Records provided:
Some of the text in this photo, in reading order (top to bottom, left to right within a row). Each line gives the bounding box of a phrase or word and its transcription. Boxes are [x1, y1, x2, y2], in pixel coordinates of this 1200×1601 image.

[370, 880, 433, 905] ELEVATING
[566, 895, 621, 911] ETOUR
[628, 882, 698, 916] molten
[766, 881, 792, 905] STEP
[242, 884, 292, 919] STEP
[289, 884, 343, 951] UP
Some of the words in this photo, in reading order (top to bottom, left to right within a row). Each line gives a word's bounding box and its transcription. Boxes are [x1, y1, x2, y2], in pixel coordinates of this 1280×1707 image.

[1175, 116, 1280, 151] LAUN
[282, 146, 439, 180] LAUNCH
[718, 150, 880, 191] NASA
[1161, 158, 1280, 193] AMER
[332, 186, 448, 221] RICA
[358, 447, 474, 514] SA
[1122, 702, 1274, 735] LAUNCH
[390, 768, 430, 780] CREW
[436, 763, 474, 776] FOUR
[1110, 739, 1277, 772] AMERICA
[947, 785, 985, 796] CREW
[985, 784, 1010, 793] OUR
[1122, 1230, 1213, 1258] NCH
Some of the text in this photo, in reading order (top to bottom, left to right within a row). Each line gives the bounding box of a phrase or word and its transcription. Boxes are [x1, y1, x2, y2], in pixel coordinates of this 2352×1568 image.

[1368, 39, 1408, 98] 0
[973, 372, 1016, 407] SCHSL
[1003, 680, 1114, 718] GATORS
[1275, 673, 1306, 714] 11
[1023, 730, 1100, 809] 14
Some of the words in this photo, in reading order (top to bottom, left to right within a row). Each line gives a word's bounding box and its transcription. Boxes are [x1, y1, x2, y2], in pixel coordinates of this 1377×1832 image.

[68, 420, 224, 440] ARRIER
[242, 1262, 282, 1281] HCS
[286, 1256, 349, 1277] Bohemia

Work instructions: Copy out all of the listing, exactly as it reads.

Solution to the exercise:
Some of the text in this photo, in reading order (top to bottom, left to right within a row). Each line gives the bounding box of a phrase or word and its transcription. Boxes are [x1, y1, x2, y2], in pixel coordinates of this 1200×1601 image.

[370, 880, 433, 905] ELEVATING
[566, 895, 621, 911] ETOUR
[628, 882, 698, 916] molten
[766, 881, 792, 905] STEP
[242, 884, 292, 919] STEP
[289, 884, 343, 951] UP
Some of the words in this photo, in reading order (top to bottom, left to right within a row). Each line gives a word's bounding box and its transcription. Boxes are [x1, y1, x2, y2], in pixel coordinates of this 1280×1707 image.

[1175, 116, 1280, 151] LAUN
[282, 146, 439, 180] LAUNCH
[718, 150, 880, 191] NASA
[1161, 158, 1280, 193] AMER
[332, 186, 448, 221] RICA
[358, 447, 474, 514] SA
[1122, 702, 1274, 735] LAUNCH
[390, 768, 430, 780] CREW
[436, 763, 474, 776] FOUR
[1110, 739, 1277, 772] AMERICA
[947, 785, 985, 796] CREW
[985, 784, 1010, 793] OUR
[1122, 1230, 1213, 1258] NCH
Some of the text in this photo, in reading order (top to bottom, left to right within a row). Each line gives the bounding box of a phrase or word and its transcription. Boxes are [x1, y1, x2, y2], in pixel coordinates of this 2352×1568 image.

[1368, 39, 1408, 98] 0
[973, 372, 1016, 407] SCHSL
[1003, 680, 1114, 718] GATORS
[1275, 673, 1306, 714] 11
[1023, 730, 1100, 809] 14
Some of the words in this photo, in reading order (top to bottom, left to right within a row). Each line gives a word's bounding box and its transcription. Boxes are [x1, y1, x2, y2], in pixel coordinates of this 1377×1832 image.

[68, 420, 224, 440] ARRIER
[242, 1262, 282, 1281] HCS
[286, 1256, 349, 1277] Bohemia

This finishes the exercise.